• REQUIREMENT: In the records below, find each line with "text" and copy it.

• DATASET EXCERPTS:
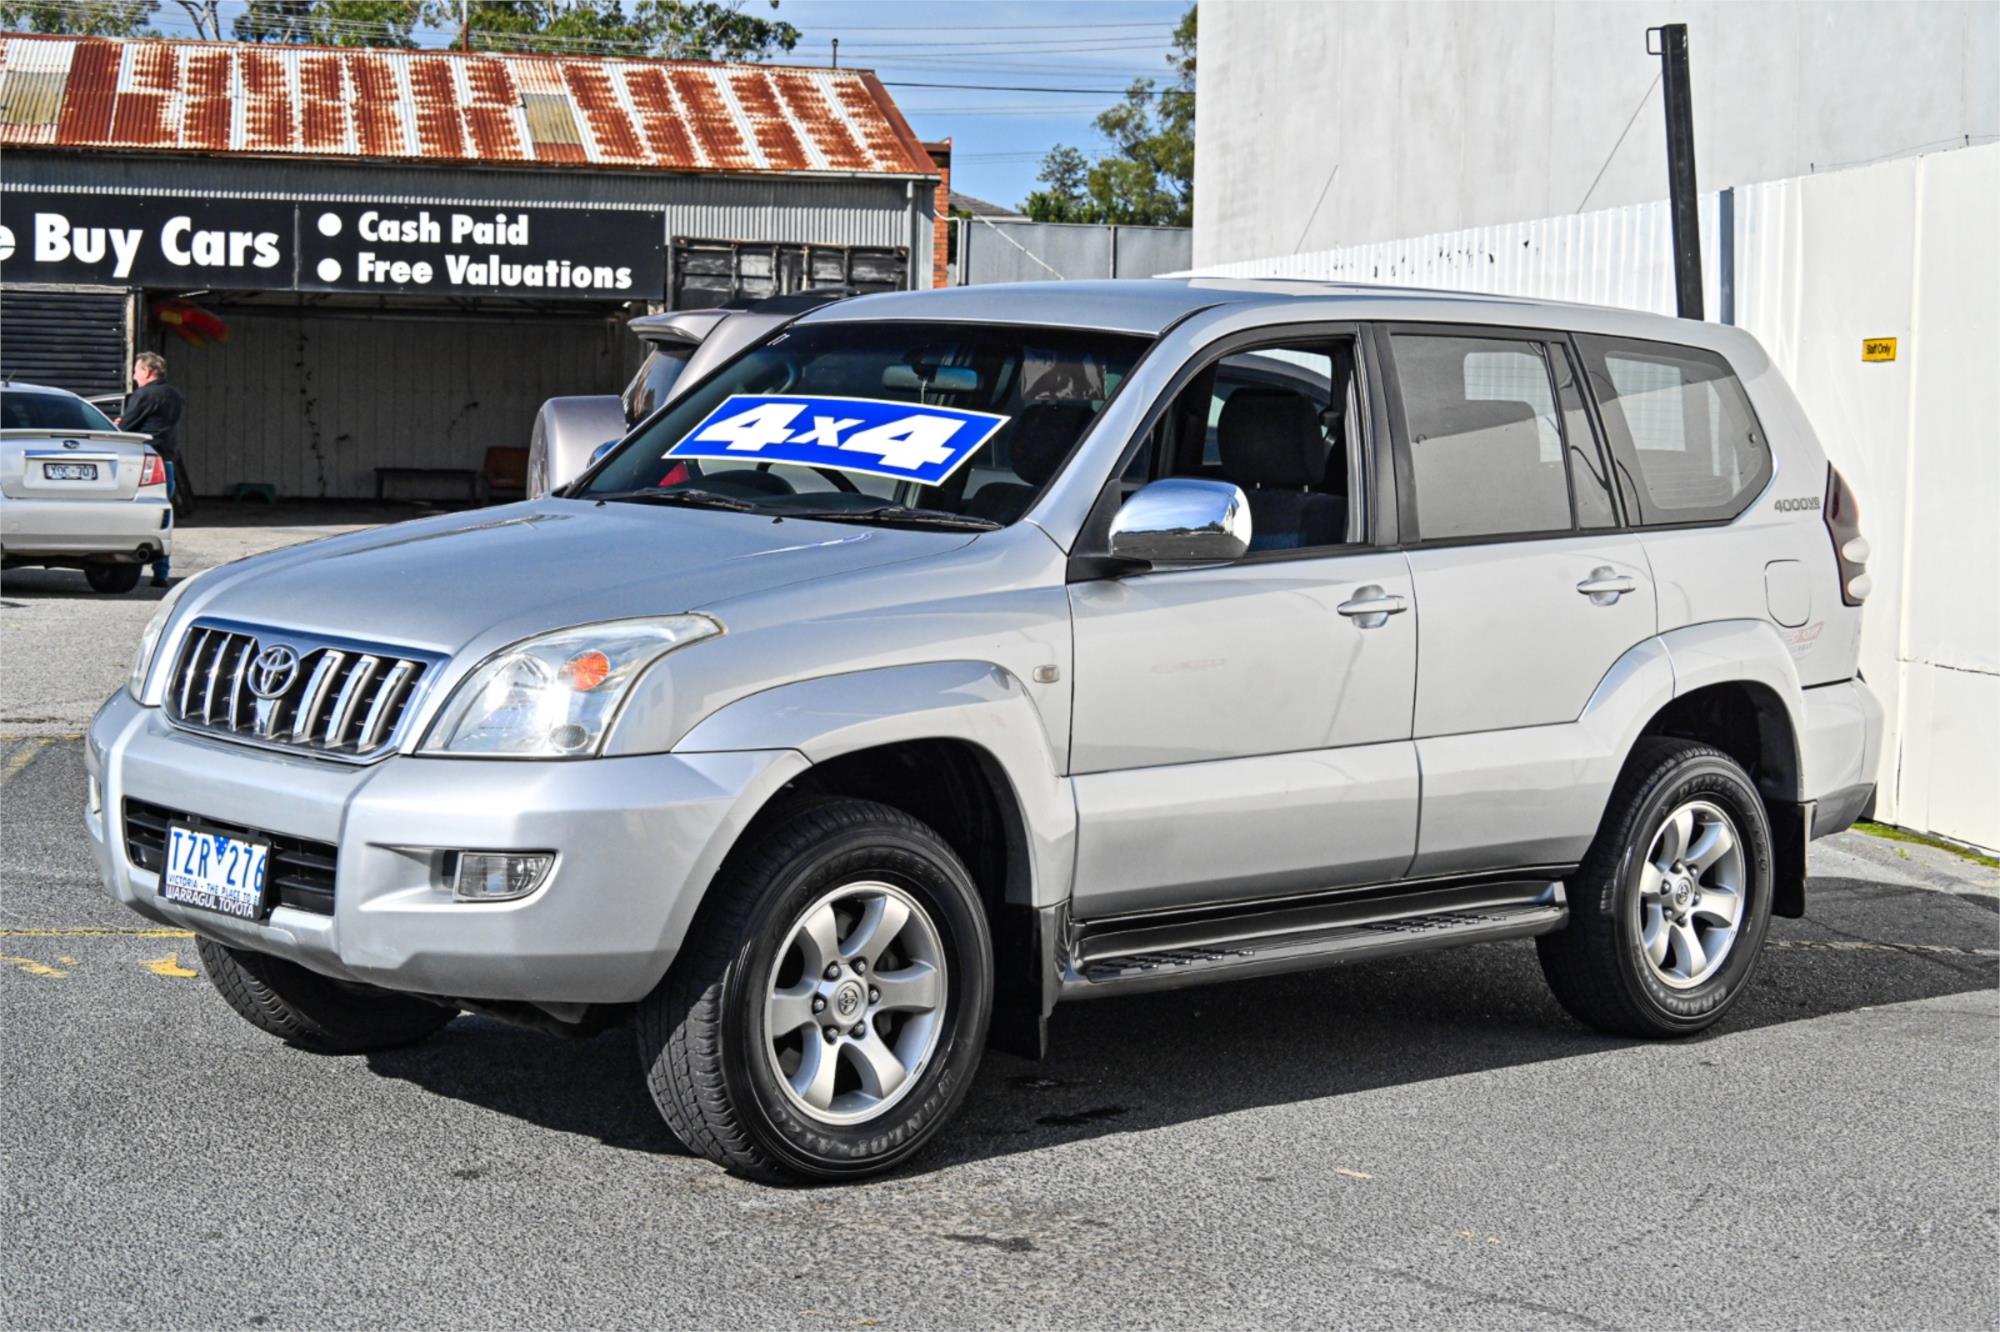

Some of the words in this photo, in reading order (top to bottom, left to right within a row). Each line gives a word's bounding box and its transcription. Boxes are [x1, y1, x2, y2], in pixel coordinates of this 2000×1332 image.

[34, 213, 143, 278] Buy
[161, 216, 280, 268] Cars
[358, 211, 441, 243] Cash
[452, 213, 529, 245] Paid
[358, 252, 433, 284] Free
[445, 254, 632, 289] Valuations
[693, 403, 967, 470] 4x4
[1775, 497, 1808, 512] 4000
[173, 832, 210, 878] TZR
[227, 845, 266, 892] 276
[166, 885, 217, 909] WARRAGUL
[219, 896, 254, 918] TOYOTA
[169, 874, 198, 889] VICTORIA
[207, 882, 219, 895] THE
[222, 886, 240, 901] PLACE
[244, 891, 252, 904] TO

---

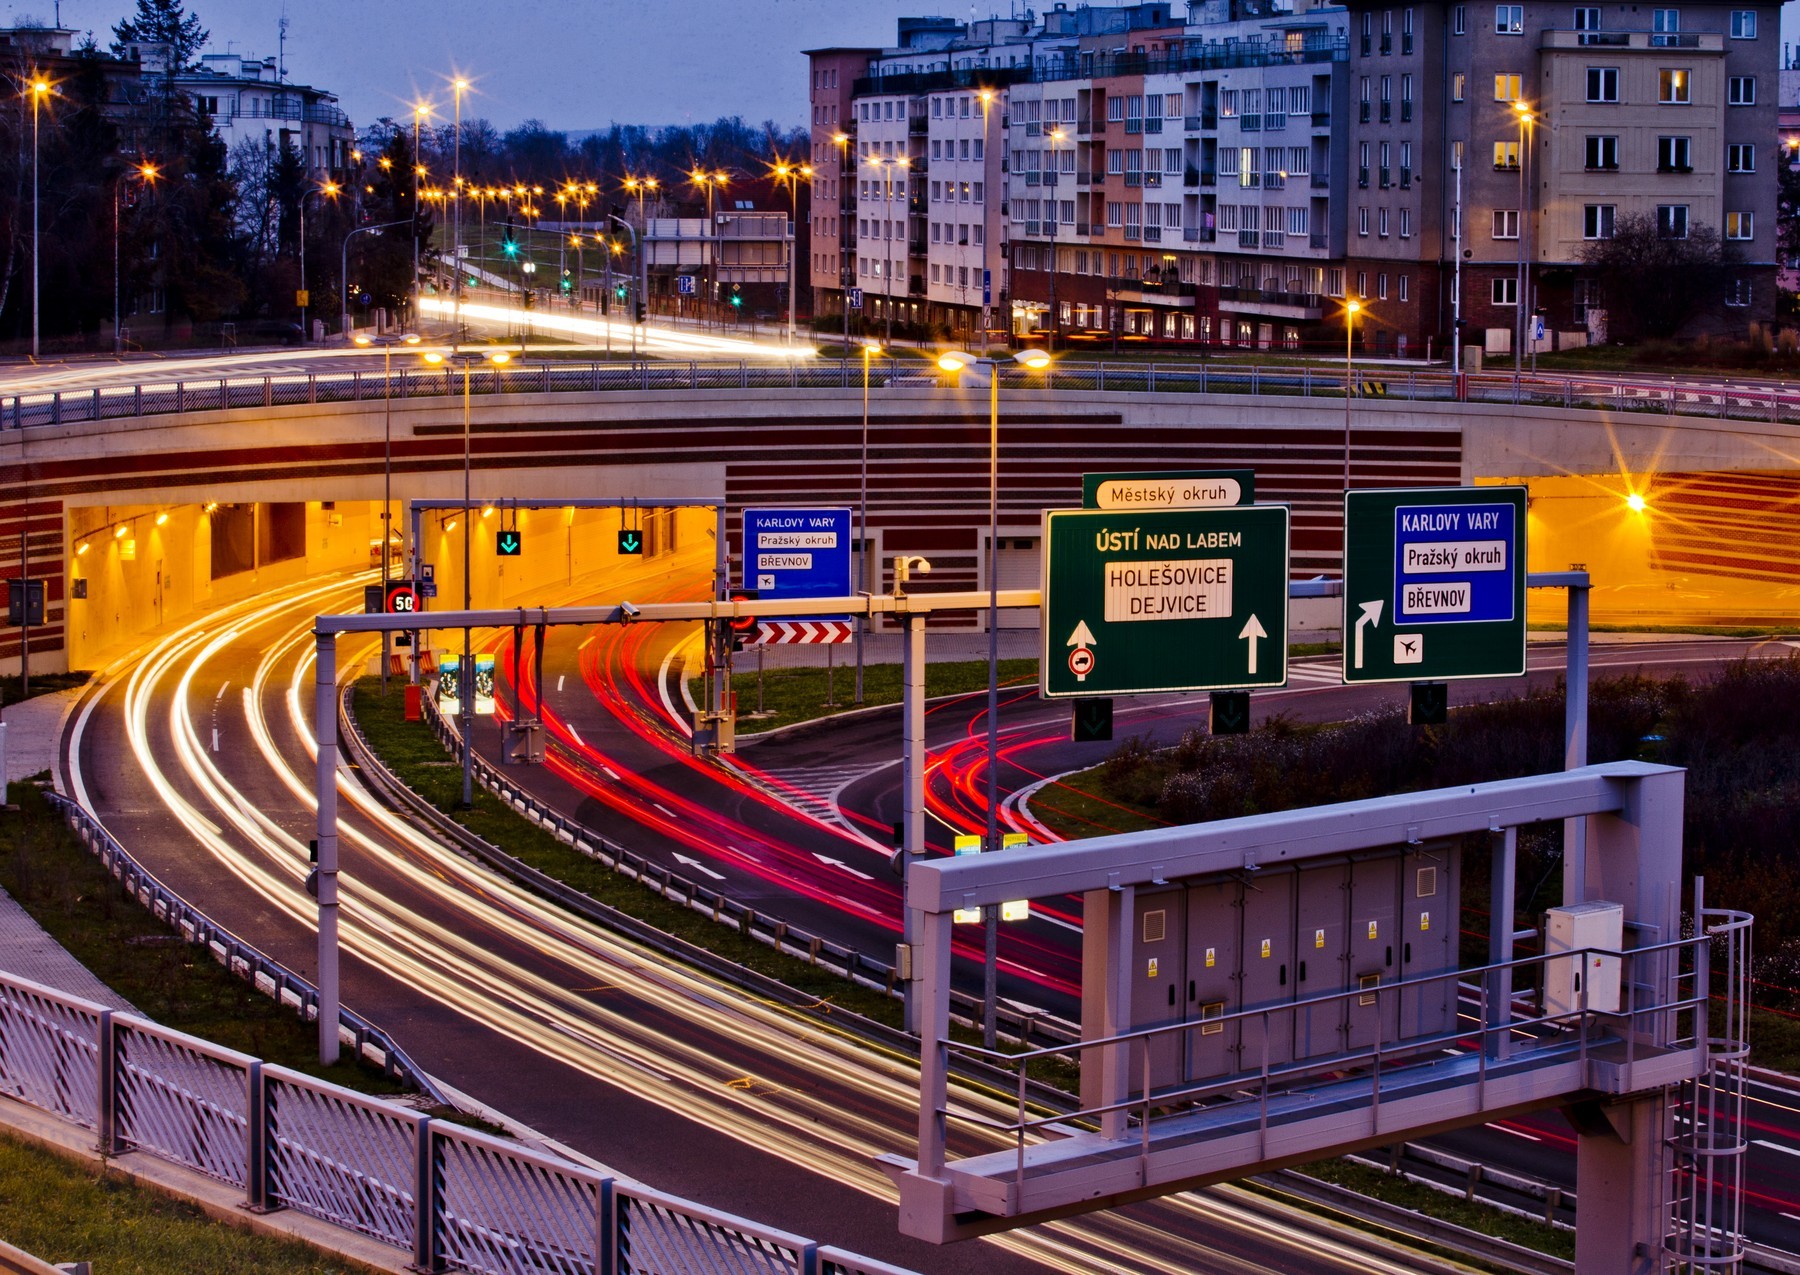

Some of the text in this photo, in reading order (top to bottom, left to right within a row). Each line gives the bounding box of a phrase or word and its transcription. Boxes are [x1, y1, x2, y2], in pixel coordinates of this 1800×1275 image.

...

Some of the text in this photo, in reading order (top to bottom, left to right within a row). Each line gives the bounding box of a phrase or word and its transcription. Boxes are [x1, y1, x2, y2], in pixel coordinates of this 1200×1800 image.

• ANSWER TO THE EXERCISE:
Some of the text in this photo, in reading order (top to bottom, left to right within a row). Each line gives the bounding box of a phrase or word and its transcription. Boxes are [x1, y1, x2, y2], in pixel coordinates of this 1800×1275 image.
Some of the text in this photo, in reading order (top to bottom, left to right within a row). Each line gives the bounding box of a phrase or word and its transcription. Boxes are [x1, y1, x2, y2], in pixel coordinates of this 1200×1800 image.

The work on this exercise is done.